This openness must be good, for business as well as society. But information alone doesn’t guarantee progress. Just because women can point to precise figures on how far they lag behind doesn’t mean that the gap will close quickly.

Combatting discrimination and enabling women to gain promotions are crucial. But in my view we need to swing the camera round and ask instead how far men will change their patterns of work. Rather than looking only at removing barriers to women we should think how we can change our images of career progression for all. This will only happen when serious numbers of well-qualified men depart from the conventional pattern of full-time continuous employment.

As an “AGM activist” for ShareAction, I have attended a number of company AGMs – mainly in the finance sector, where the gender pay gap is often over 40 per cent – to ask what steps they are taking to promote greater gender equality. Flexible working is usually high up the list. Quite often the company spokesperson will link this need to women with young children, as if this is the only reason why anyone would need or want to work flexibly.

Often parental leave features too, and some companies are quite proud of their fathers who take time off to be with their babies. But when I ask how many men in career positions opt for flexible working who are not very recent fathers, the numbers are tiny. It’s still very much the case that to keep going up the ladder – the image is of a rigid, vertical structure – you have to stay signed up on a full-time basis.

This matters for two reasons. Flexible working is relevant not only to the child-rearing period of people’s lives, but to their whole careers. Pay gaps increase hugely in the older age groups. By far the biggest gaps are for those aged 40 and over. We should look at careers and pay in the context of a whole working life.
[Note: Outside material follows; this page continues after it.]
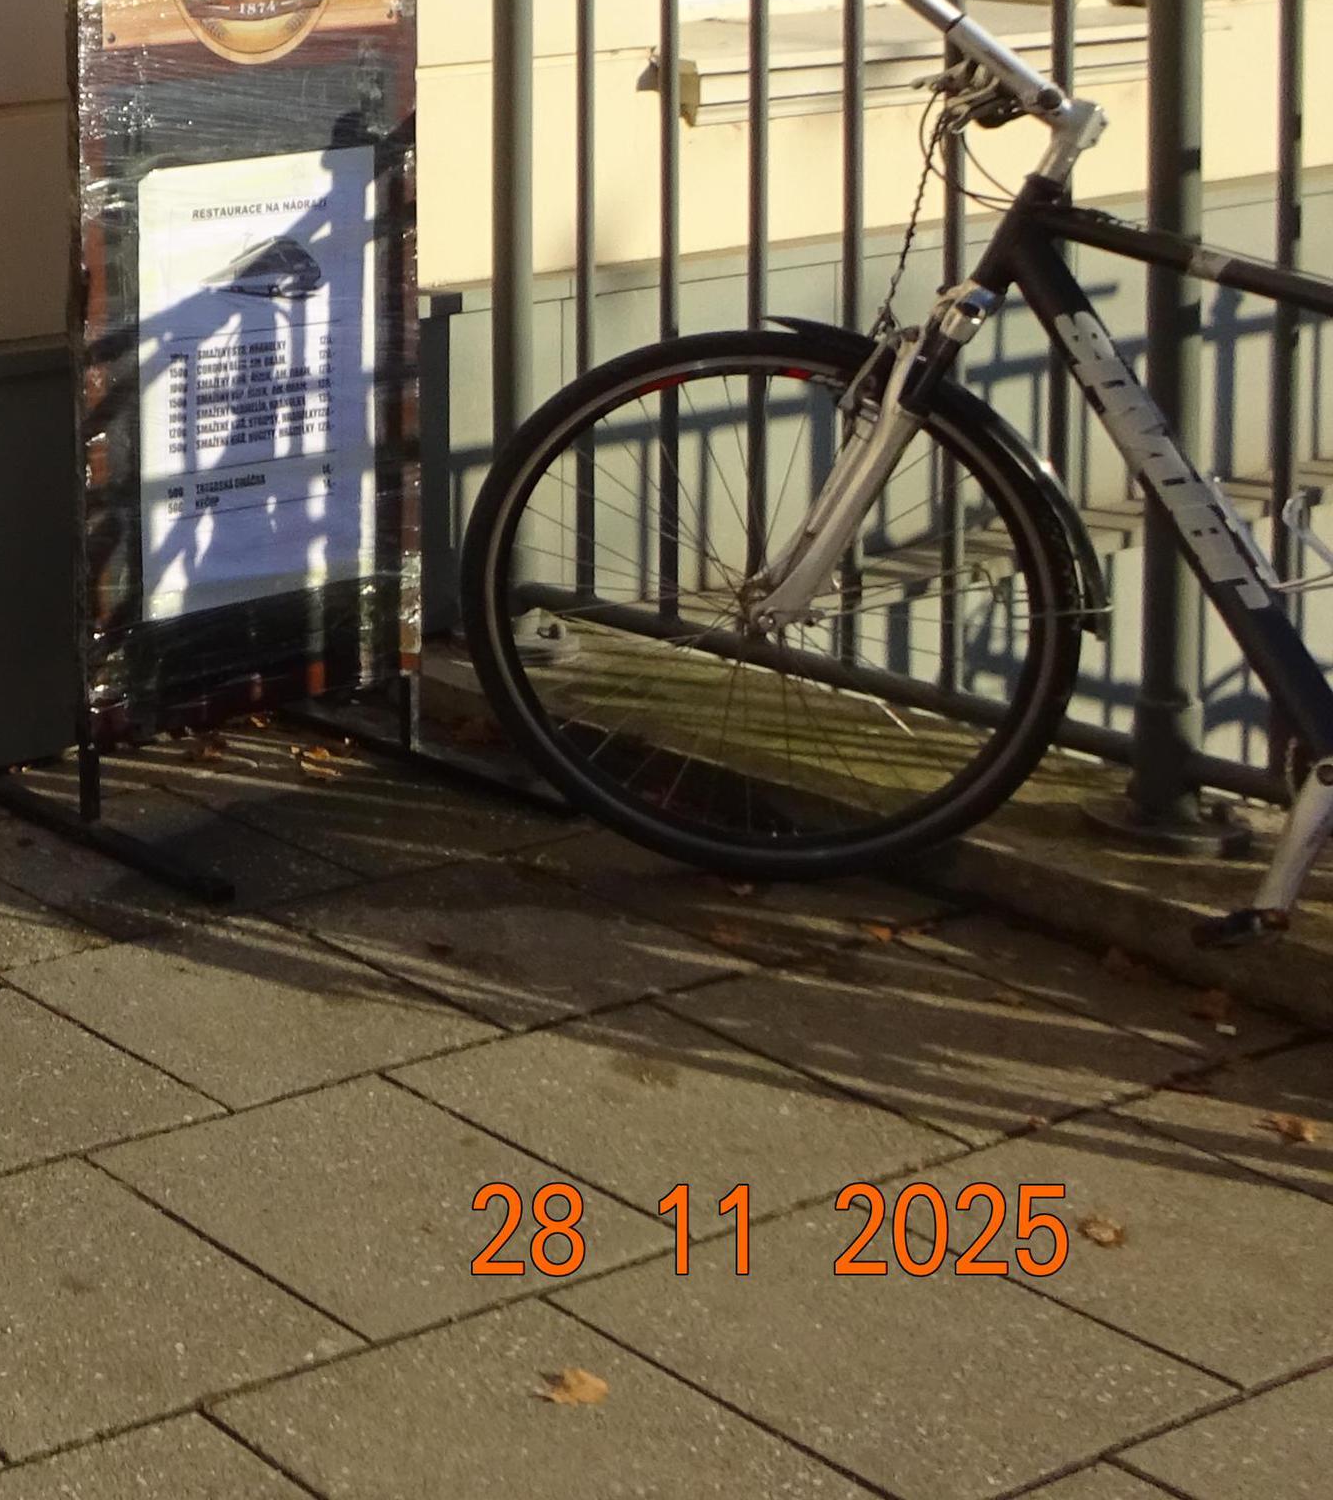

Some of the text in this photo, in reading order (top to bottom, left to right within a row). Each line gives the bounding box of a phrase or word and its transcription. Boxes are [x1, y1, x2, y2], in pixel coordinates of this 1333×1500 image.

[238, 0, 276, 15] 1874
[191, 203, 263, 220] RESTAURACE
[265, 201, 280, 213] NA
Secondly, for those working full time, the overall pay gap is about 10 per cent. But when you add part-timers into the mix, the gap doubles to near 20 per cent. Since women dominate the part-time labour force, this is a key difference. If part-timers are left out of the equation, the gap will not close.

You might say, rightly, that this must be changing, with the gig economy and its fragmentation of work patterns. It is indeed. Many more men are now working part time. But these are on the whole men with fewer qualifications – which is why the gender pay gap is actually negative for part-timers, i.e. women part-timers earn more than their male counterparts. Well-qualified men continue to work mainly in full-time positions, and these are the ones who shape what we understand by career progression.

The pressure is on because women now outperform men so clearly in education. They acquire better qualifications at all levels and in almost every subject – but it still doesn’t pay off for them in the workplace as much as it should, in theory and in equity terms. This is the paradox at the heart of what I call the Paula Principle: most women work below their level of competence. (It is the mirror image of the well-known Peter Principle – 50 years old this year – which said that “every employee tends to rise to his level of incompetence”.) Women’s rising levels of competence are still under-recognised and under-rewarded.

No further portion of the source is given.